Transformaram a poderosa alegoria política de Orwell em uma peça de propaganda
anticomunista e chegaram ao ponto de introduzir-lhe um happy end. O desenho
animado rodou o mundo com recursos patrocinados pelo Departamento de Estado
americano. Enquanto isso, Orwell deveria estar se revirando na cova.
O
artigo que dá título ao volume é um dos mais interessantes do livro. Orwell não
explica o que é fascismo: ao contrário, mostra como essa palavra foi perdendo
significado ao ser usada como ofensa a ponto de tudo e todos poderem ser
classificados de fascistas (ele mesmo já foi chamado de fascista). Algo, aliás,
que ocorre ainda nos dias atuais. Da mesma forma, outras palavras de uso
político, como comunista ou esquerdista perderam seus significados ao serem
usados como palavrões. Quando se vê alguém chamando o Estadão de esquerdista,
percebe-se que a palavra perdeu completamente qualquer significação.
Uma
das maiores críticas de Orwell é ao chamado “realismo político”, um ponto de
vista utilitário.

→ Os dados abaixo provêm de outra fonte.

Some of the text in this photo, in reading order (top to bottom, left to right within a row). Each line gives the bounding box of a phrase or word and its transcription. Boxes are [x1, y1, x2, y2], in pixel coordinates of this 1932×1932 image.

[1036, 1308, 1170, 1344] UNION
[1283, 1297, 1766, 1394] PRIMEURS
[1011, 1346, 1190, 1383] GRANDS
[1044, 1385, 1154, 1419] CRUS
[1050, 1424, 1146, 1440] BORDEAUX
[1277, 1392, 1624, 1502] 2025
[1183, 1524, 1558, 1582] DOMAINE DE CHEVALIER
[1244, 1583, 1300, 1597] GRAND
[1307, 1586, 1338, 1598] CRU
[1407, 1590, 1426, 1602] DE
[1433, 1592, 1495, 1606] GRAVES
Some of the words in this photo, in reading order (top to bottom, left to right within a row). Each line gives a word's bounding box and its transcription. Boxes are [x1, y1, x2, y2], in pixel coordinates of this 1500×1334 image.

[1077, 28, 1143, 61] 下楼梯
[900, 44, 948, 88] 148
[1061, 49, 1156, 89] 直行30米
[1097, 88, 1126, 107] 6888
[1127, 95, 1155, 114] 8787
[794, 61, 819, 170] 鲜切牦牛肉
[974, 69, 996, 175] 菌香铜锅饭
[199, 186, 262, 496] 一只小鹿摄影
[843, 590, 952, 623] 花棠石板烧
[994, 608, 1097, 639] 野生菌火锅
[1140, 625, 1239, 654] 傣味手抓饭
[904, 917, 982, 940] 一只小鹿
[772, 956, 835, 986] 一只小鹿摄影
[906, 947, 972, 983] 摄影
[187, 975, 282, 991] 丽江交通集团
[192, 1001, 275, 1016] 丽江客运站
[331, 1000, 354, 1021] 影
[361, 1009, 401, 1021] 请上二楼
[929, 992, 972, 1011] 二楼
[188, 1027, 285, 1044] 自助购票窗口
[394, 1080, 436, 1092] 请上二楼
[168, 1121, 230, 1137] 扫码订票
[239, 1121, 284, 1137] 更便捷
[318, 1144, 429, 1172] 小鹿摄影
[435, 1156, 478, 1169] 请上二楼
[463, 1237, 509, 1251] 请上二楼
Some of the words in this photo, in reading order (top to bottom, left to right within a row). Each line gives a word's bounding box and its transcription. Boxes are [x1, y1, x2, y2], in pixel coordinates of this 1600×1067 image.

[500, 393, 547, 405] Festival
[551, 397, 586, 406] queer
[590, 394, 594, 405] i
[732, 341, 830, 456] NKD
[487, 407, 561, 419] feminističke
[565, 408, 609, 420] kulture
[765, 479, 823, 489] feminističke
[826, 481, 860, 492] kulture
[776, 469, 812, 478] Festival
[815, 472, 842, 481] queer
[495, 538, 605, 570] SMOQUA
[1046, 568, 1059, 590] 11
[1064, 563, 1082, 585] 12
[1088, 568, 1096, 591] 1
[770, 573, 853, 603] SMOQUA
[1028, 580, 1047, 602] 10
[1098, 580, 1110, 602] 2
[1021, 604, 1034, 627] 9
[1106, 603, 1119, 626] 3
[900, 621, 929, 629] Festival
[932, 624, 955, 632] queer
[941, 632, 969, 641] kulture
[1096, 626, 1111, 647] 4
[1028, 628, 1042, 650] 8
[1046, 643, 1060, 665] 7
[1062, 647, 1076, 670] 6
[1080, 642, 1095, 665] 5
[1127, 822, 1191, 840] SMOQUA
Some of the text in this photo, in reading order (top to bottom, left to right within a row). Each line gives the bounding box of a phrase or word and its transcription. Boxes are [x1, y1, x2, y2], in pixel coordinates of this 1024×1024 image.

Assim, por exemplo, a direita liberal inglesa fechou
completamente os olhos para a ascensão de Hitler e para a guerra iminente em
decorrência da incapacidade da classe endinheirada inglesa de acreditar que
havia qualquer “coisa de errado em campos de concentração, guetos, massacres
(...)”. Por outro lado, a esquerda, em nome desse realismo, fez alianças as
mais duvidosas possíveis. Um capítulo que exemplifica bem esse ponto de vista é
a resenha de um livro sobre Mussolini. Ele é capturado pelos aliados e levado a
julgamento. Mas pede testemunhas e segue-se toda a classe de elogios de políticos
ingleses a ele antes do início a guerra.
Embora
esteja falando da Europa, Orwell parece estar escrevendo sobre o Brasil quando
declara: “Se há uma saída para a pocilga moral em que estamos vivendo, o
primeiro passo nessa direção é provavelmente perceber que o realismo não
compensa”.
De
todo o volume o texto mais interessante e reflexivo é “Socialistas podem ser
felizes?”. Nele, Orwell reflete sobre a questão das utopias. Uma das suas
análises diz respeito ao livro As viagens de Gulliver, de Jonathan Swift, que
ele admirava muito e serviu de base para A revolução dos bichos (ambos são
alegorias políticas). Orwell argumenta que os primeiros capítulos são
primorosos: “Cada uma de suas palavras é relevante hoje em dia; há trechos que
contém profecias bem detalhadas dos horrores políticos de nosso tempo”. Swift,
no entanto, fracassa ao tentar descrever uma raça de seres que ele realmente
admira.
Dessa
forma, tanto o céu quanto a utopia são fiascos, locais impossíveis de se
descrever sem parecer enfadonho, chato – ao contrário do inferno, que sempre
mereceu vívidas descrições de grande sucesso. A felicidade, argumenta Orwell,
só funciona em contraste com a infelicidade. Quando ela se torna eterna, deixa
de funcionar. Qualquer um que já tenha assistido um episódio da série clássica
Jornada nas Estrelas sabe que essa discussão permeia boa parte dos episódios –
o que mostra o quanto a discussão de Orwell ainda era atual na década de 1960 e
continua atual hoje. Não por acaso, o autor ficou famoso não por uma utopia,
mas por uma distopia, 1984.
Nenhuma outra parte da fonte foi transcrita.